The prospective candidate will be working on the research and development of thermal inspection during MEMS production. It is known that Silicon, the main material used in MEMS devices, is transparent for the near-infrared which allows us to use non-invasive “see-through” thermal imaging as an inspection method. The main idea is to look at the thermal profiles of MEMS dies when excited with an electrical signal and draw conclusions about their functioning. Our previous work with FEM-simulated thermal profiles, see Figure 2, has revealed a possibility of determining the positions and the alignment of various structures that are otherwise hidden by fitting and analysing the thermal profile. The question is whether the same applies to thermal profiles of real devices under excitation.


The current tasks are to optimise and then use our thermal MEMS inspection experimental setup already built in previous work. Gathering IR images of MEMS dies under excitation and then analysing the images for known defects, flaws and material properties is the next step.
As the production quantities of MEMS/NEMS products increases – for example due to societal challenges in the area of healthcare – companies will need reliable and accurate production testing and processing techniques. Your contribution in the early development of such technology will be thus of essential importance in the future.

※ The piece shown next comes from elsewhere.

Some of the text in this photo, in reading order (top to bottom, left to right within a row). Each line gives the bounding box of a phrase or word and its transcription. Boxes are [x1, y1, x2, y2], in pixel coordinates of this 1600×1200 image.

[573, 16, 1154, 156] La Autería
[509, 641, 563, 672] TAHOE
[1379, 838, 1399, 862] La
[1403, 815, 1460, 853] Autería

Figure 2 Simulated temperature profile of MEMS device under excitation on the upper left and a piece-wise fit of the 1st derivative of the data on the lower left. The transition points correspond to where structures are located and are shown on the right when mapped across the whole image line-by-line. Although not clearly visible as such on the thermal signature, the position and geometry of the structures could still be extracted.

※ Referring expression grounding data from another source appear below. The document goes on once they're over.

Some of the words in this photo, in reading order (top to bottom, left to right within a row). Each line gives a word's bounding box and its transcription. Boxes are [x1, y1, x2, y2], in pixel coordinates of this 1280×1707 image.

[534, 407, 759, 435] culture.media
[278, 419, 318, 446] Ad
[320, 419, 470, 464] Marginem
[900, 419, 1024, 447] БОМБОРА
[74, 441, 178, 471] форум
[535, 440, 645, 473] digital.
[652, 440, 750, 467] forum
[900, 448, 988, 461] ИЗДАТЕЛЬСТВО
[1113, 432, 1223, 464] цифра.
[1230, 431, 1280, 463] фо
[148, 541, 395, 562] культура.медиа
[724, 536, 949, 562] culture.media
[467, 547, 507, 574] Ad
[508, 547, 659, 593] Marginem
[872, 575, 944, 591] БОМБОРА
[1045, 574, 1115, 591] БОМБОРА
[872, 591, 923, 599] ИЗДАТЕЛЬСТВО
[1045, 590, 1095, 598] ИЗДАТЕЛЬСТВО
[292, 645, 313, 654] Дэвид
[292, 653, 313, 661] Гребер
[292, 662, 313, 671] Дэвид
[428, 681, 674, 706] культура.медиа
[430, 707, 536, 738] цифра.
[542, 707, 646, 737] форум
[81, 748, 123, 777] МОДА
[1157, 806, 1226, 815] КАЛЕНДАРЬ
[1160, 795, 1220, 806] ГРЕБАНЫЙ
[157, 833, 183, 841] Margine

What tasks do we expect from the candidate to encounter during the project?

  • Understand the operational principle of the MEMS Devices Under Test (DUT)
  • Understand the FEM (Comsol) models of the devices
  • Understand the operating principles of and use our IR camera and optics in well-thought out experiments
  • Generate code to analyze the imaging data and evaluate its accuracy

Depending on the study direction, background (University or University of Applied Sciences) as well as the nature of the stay (internship or graduation) there are different levels of depth that can be achieved in the above tasks. These are to be discussed with the student’s study advisor before the beginning of the project so as to fit any requirements.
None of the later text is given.